Soils and Erosion
Factors Controlling the Rate of Chemical Weathering:
- particle size (edges and corners), climate (water and temperature),
parent material
- the smaller the particles, the higher the ratio of surface area to
volume
- hot humid climates increase speed and depth of weathering
- inverse of Bowen's reaction series (see Igneous Rock chapter)
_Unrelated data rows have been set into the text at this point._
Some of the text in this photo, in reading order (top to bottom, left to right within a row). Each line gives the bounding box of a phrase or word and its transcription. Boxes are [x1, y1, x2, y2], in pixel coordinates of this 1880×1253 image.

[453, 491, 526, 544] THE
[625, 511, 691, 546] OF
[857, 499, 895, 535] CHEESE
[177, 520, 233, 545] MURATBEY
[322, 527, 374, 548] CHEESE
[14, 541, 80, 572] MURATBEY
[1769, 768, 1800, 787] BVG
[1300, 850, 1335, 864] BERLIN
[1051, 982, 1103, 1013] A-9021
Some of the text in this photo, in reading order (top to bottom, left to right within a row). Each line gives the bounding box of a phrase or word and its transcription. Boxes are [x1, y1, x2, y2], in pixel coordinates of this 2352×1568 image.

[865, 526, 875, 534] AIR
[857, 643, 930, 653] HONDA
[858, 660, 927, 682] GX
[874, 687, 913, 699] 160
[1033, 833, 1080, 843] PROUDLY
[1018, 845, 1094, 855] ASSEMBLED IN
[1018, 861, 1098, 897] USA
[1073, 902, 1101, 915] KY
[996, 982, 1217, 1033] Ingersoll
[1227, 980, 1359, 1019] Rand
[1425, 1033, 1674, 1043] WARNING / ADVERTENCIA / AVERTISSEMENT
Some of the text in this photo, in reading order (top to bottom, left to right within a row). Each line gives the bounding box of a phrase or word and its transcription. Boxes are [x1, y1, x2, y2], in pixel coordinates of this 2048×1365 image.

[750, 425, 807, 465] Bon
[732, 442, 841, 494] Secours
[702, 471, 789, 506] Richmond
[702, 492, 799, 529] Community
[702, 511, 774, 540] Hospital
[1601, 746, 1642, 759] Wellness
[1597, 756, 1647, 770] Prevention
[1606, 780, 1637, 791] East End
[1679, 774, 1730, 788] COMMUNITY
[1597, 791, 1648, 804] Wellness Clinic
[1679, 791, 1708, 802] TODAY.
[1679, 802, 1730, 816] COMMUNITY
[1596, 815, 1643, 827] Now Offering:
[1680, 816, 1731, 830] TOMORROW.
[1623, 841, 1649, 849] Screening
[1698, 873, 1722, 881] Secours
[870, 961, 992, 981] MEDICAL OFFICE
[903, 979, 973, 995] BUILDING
- igneous minerals are out of equil. at surface
- spheroidal weathering
Soil:
- regolith is the general term for broken up rock material
- regolith + water + air + organic matter = soil
- humus: partly decayed organic material
- residual vs transported soils
Soil layering or profile: O, A, B, C
- leaching vs. accumulation
Factors controlling soil formation:
- climate
- pedalfers: Al and Fe-rich, water flow downward, >60 cm/yr precip.
- pedocals: Ca or calcite-rich, water flow upward, <60 cm/yr precip.
- extreme example: caliche soil in desert setting
- laterites: extreme leaching of everything except Fe or Al (bauxite),
tropical
- parent material: e.g. quartzite vs granite
- organic activity: animals, organic acids
- relief and slope: steep vs shallow, high vs low elevations, facing
direction
- time: average of 2 cm/century - non-renewable resource
Soil Degredation:
- erosion: wind or water; sheet erosion, rill erosion [SLIDES]
- chemical deterioration
- nutrient depletion
- insufficient fertilizer
- clearing land: low quality soils in rainforests
- pollution
- salinization
- physical deterioration: compaction
Desertification: positive feedback process
- erosion in the Sahara actually feeds the Amazon rainforest
- soil erosion can poison coral reefs (the ocean equivalent to the rainforest)
Weathering and Mineral Resources:
- bauxite, iron, manganese, clays, tin, gold, diamonds
- direct shipping ores (iron, Ladysmith Cu)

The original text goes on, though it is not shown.